R- Machine Learning with R Beginner to Expert!- 4-in-1  No.1

R: Machine Learning with R – Beginner to Expert!: 4-in-1, available at $44.99, has an average rating of 3.85, with 197 lectures, 1 quizzes, based on 12 reviews, and has 94 subscribers.

You will learn about Process a classic dataset, from data cleaning to presenting results with effective graphics. Evaluate the performance of your models and put your model into use. Explore advanced techniques such as hyper parameter tuning and deep learning. Incorporate R and Hadoop to solve machine learning problems on big data. Classify data with the help of statistical methods such as k-NN Classification, Logistic Regression, and Decision Trees. Visualize patterns and associations using a range of graphs and find frequent itemsets using the Eclat algorithm. Get to know hyper-parameter tuning by exploring and iterating through parameters This course is ideal for individuals who are An aspiring data scientist who is familiar with the basic of the R language, data frames, and some basic knowledge in statistics, who wants to explore the advanced topics in machine learning with R with examples to build powerful predictive models in R! or Anyone who wants to enter the world of machine learning and is looking for a guide that is easy to follow.
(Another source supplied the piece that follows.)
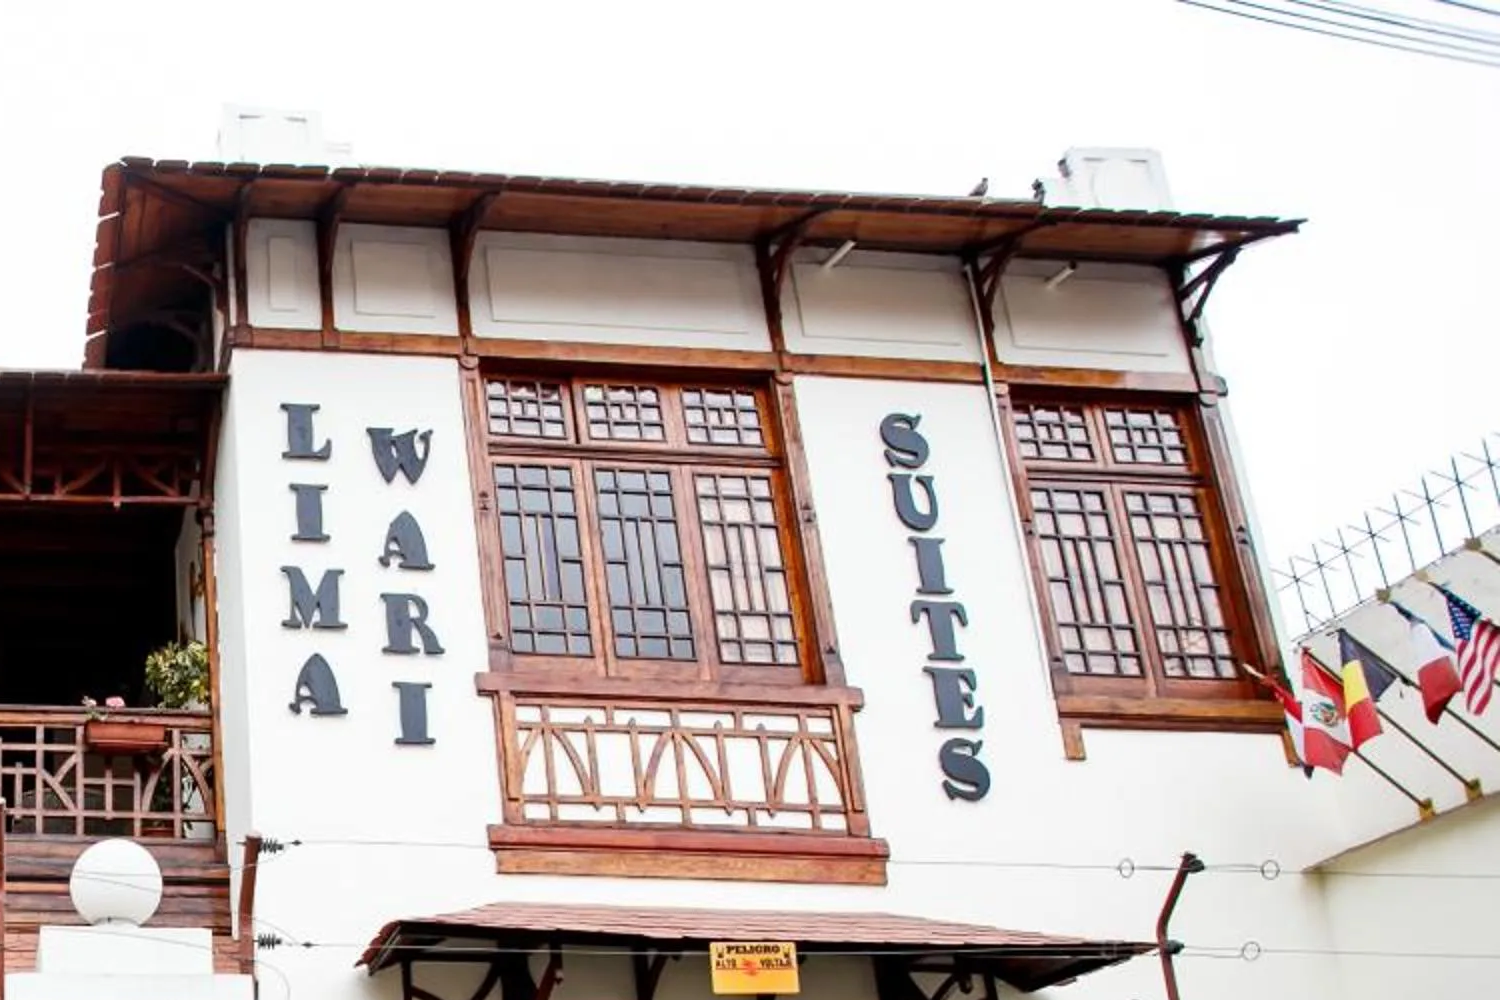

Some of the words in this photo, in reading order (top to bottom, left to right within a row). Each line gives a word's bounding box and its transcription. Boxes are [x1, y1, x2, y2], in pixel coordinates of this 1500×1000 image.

[280, 403, 349, 717] LIMA
[365, 427, 445, 746] WARI
[879, 413, 991, 803] SUITES
[725, 945, 781, 955] PELIGRO
It is particularly useful for An aspiring data scientist who is familiar with the basic of the R language, data frames, and some basic knowledge in statistics, who wants to explore the advanced topics in machine learning with R with examples to build powerful predictive models in R! or Anyone who wants to enter the world of machine learning and is looking for a guide that is easy to follow.
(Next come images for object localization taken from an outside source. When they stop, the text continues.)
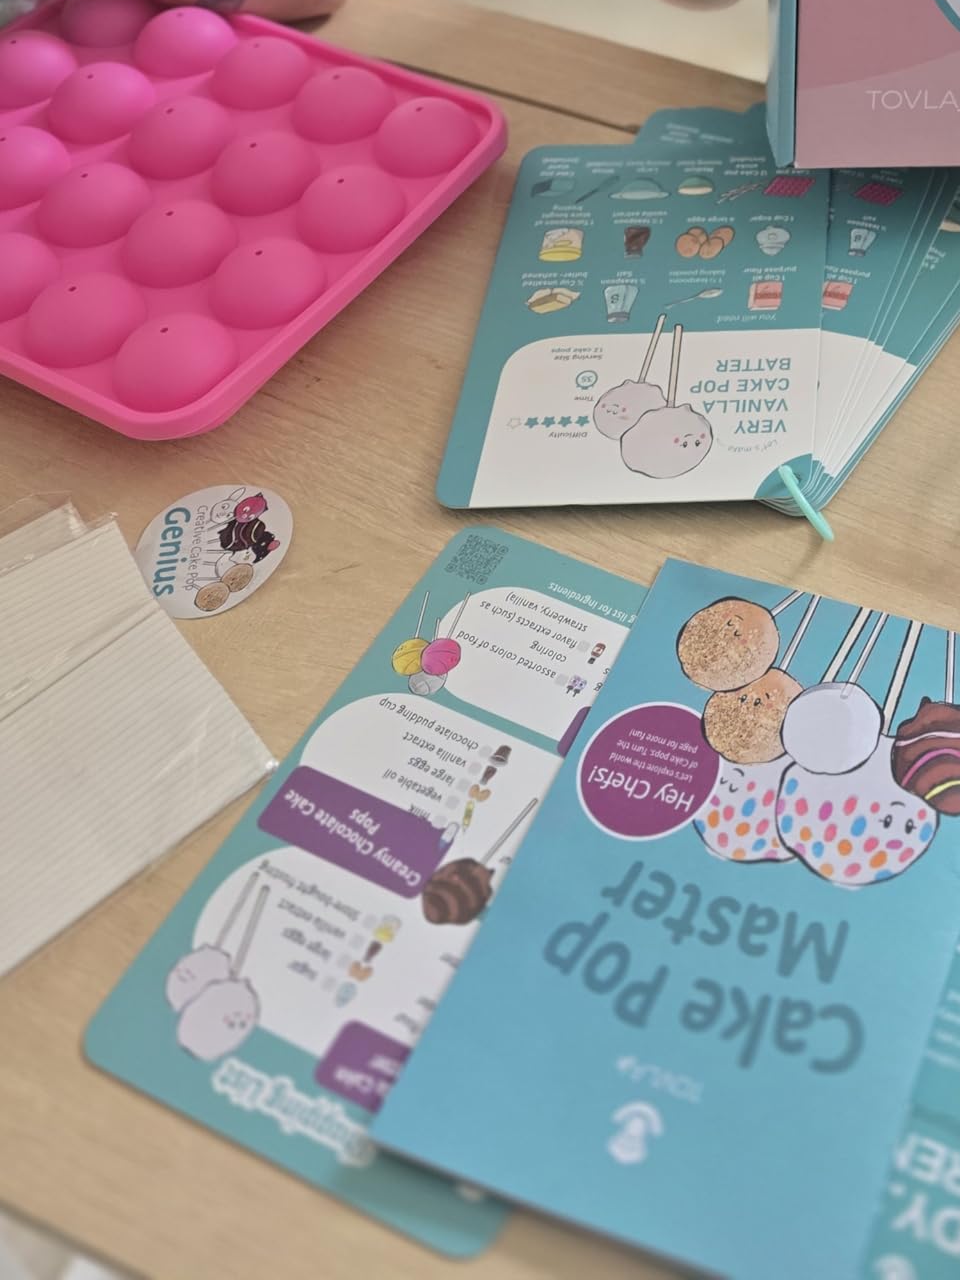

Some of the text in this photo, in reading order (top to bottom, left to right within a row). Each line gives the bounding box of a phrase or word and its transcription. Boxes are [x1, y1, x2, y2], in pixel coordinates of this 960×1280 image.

[716, 358, 791, 372] BATTER
[690, 378, 789, 393] CAKE POP
[703, 399, 788, 414] VANILLA
[734, 419, 786, 434] VERY
[193, 505, 208, 545] Creative
[152, 507, 191, 597] Genius
[190, 546, 202, 571] Cake
[547, 582, 597, 609] ingredients
[479, 600, 578, 649] flavor extracts (such as
[505, 592, 588, 633] strawberry, vanilla)
[597, 604, 612, 617] for
[612, 609, 628, 623] list
[456, 630, 556, 679] assorted colors of food
[529, 641, 567, 663] coloring
[379, 697, 479, 752] chocolate pudding cup
[402, 731, 467, 770] vanilla extract
[617, 739, 630, 750] the
[629, 728, 698, 754] page for more fun!
[631, 744, 648, 755] Turn
[407, 757, 455, 786] large eggs
[609, 752, 693, 783] Let's explore the world
[670, 755, 689, 767] Cake
[689, 761, 698, 769] of
[382, 768, 442, 803] vegetable oil
[588, 765, 695, 812] Hey Chefs!
[348, 808, 380, 835] Pops
[283, 789, 421, 887] Creamy Chocolate Cake
[600, 859, 850, 985] Master
[542, 910, 668, 1031] Pop
[679, 977, 865, 1075] Cake
Enroll now: R: Machine Learning with R – Beginner to Expert!: 4-in-1

Summary

Title: R: Machine Learning with R – Beginner to Expert!: 4-in-1

Price: $44.99

Average Rating: 3.85

Number of Lectures: 197

Number of Quizzes: 1

Number of Published Lectures: 197

Number of Published Quizzes: 1

Number of Curriculum Items: 198

Number of Published Curriculum Objects: 198

Original Price: $199.99

Quality Status: approved

Status: Live

What You Will Learn

  • Process a classic dataset, from data cleaning to presenting results with effective graphics.
  • Evaluate the performance of your models and put your model into use.
  • Explore advanced techniques such as hyper parameter tuning and deep learning.
  • Incorporate R and Hadoop to solve machine learning problems on big data.
  • Classify data with the help of statistical methods such as k-NN Classification, Logistic Regression, and Decision Trees.
  • Visualize patterns and associations using a range of graphs and find frequent itemsets using the Eclat algorithm.
  • Get to know hyper-parameter tuning by exploring and iterating through parameters
  • Who Should Attend

  • An aspiring data scientist who is familiar with the basic of the R language, data frames, and some basic knowledge in statistics, who wants to explore the advanced topics in machine learning with R with examples to build powerful predictive models in R!
  • Anyone who wants to enter the world of machine learning and is looking for a guide that is easy to follow.
  • Target Audiences

  • An aspiring data scientist who is familiar with the basic of the R language, data frames, and some basic knowledge in statistics, who wants to explore the advanced topics in machine learning with R with examples to build powerful predictive models in R!
  • Anyone who wants to enter the world of machine learning and is looking for a guide that is easy to follow.
  • Machine learning is a subfield of computer science that gives computers the ability to learn without being explicitly programmed. It explores the study and construction of algorithms that can learn from and make predictions on data. R language is widely used among statisticians and data miners to develop statistical software and perform data analysis. It provides a cutting-edge power you need to work with Machine Learning techniques.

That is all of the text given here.